Church Central began renting the space at its current location at 620 S. Wilkinson St. in 2003. The space formerly housed a motorcycle shop. Church members purchased the space two years later. Milledgeville’s only soup kitchen ministry, Cafe Central, started operations at the church in 2009 feeding 20 people to now providing more than 400 meals to those in need at Freedom Church every Tuesday. A live, interactive online church service will launch in 40 days on Church Central’s website.
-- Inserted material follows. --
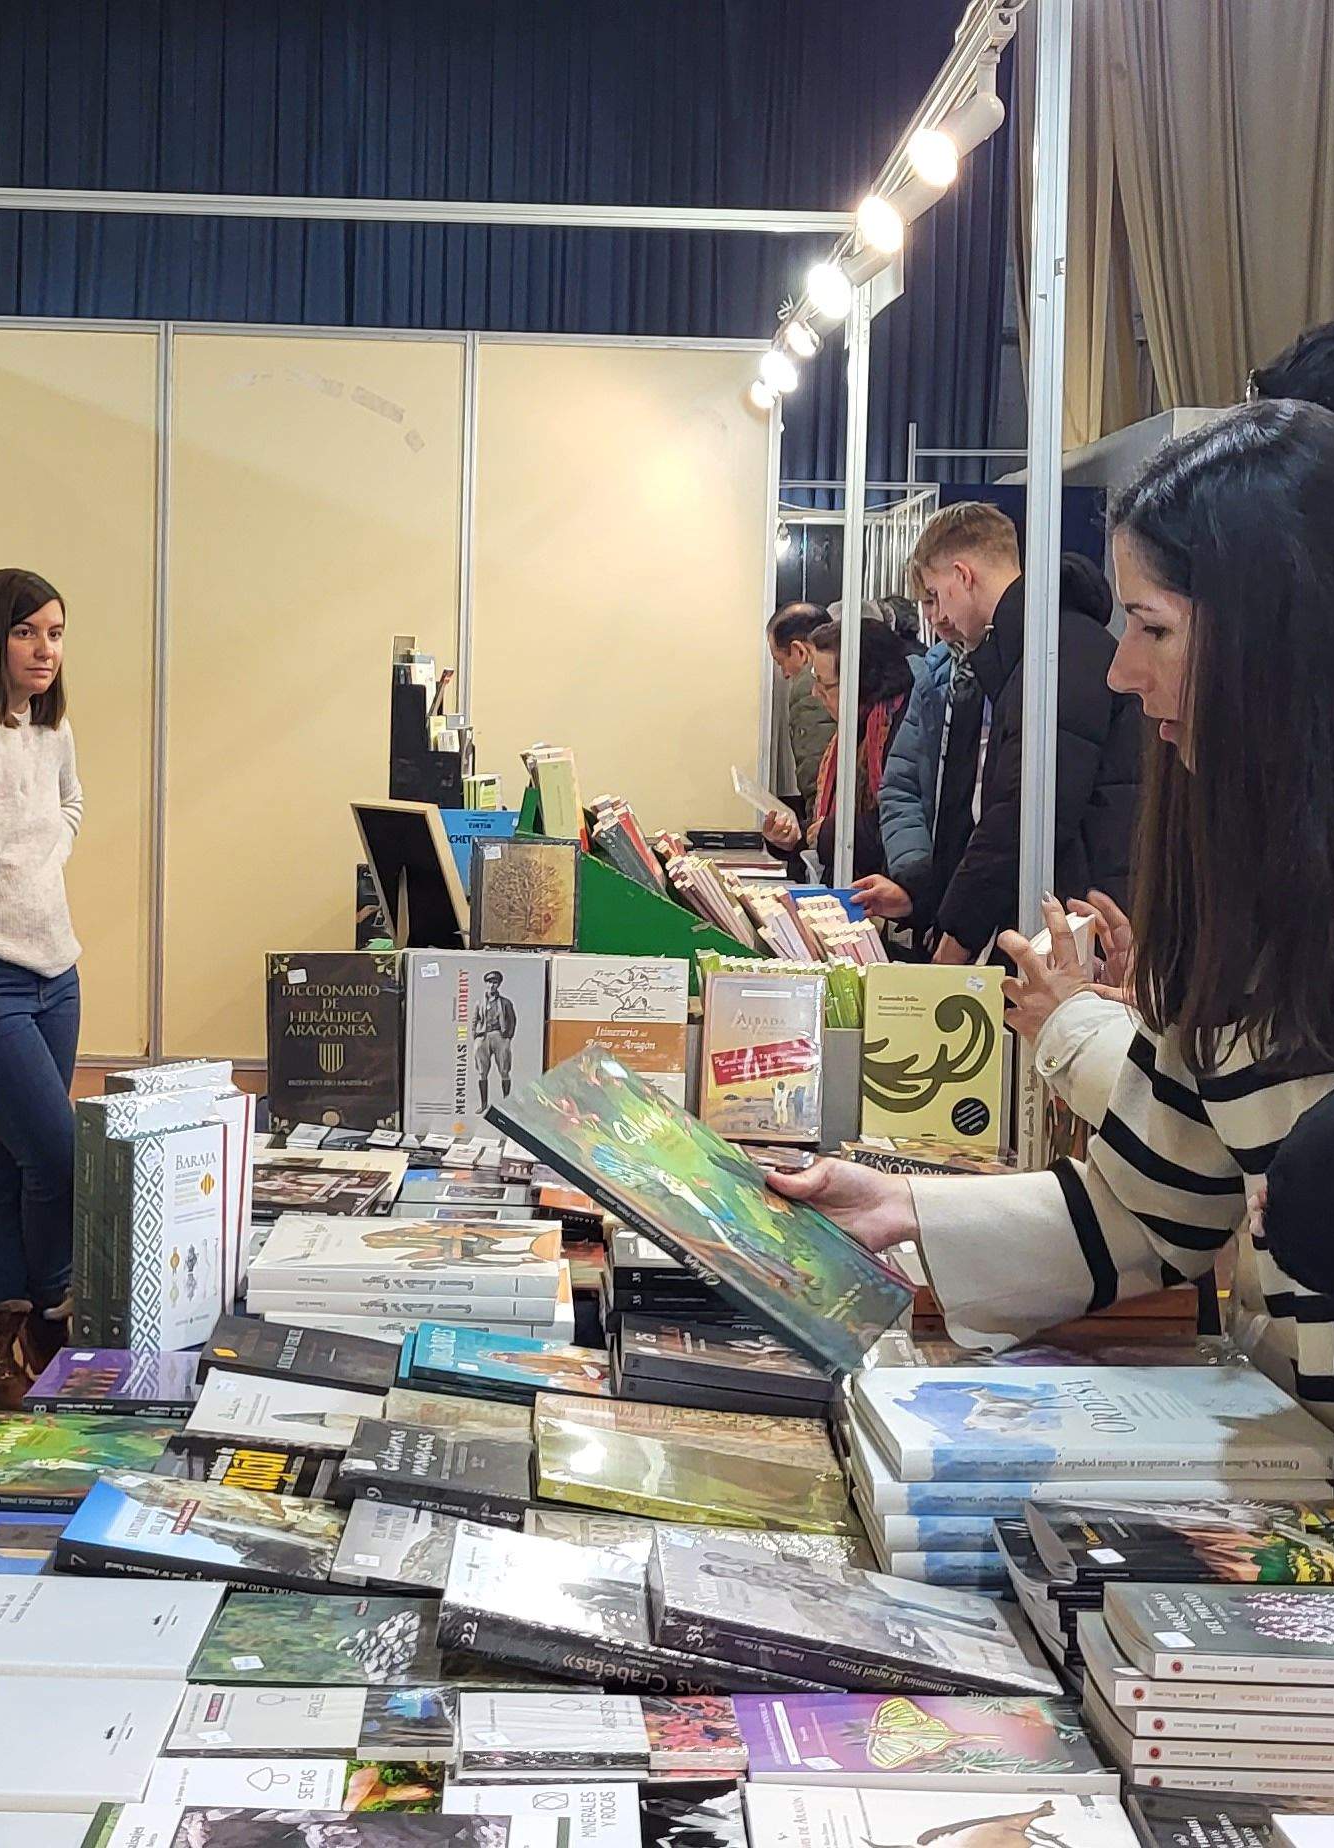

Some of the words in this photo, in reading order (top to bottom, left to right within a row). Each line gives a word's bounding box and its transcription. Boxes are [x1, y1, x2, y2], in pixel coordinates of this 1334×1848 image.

“At Church Central, we’re about bringing people in, building them up and sending them out. We had 86 people show up at our first service in January 2003 and today we have about 150 people in our congregation,” Simmons said. “I want the church and community to not let this discourage them. On Sunday, I preached a sermon with the message that as believers we need to be willing to be interrupted, and yet here we are interrupted 24 hours later. It was like God was preparing our folks through the message for what the next few days was going to bring.”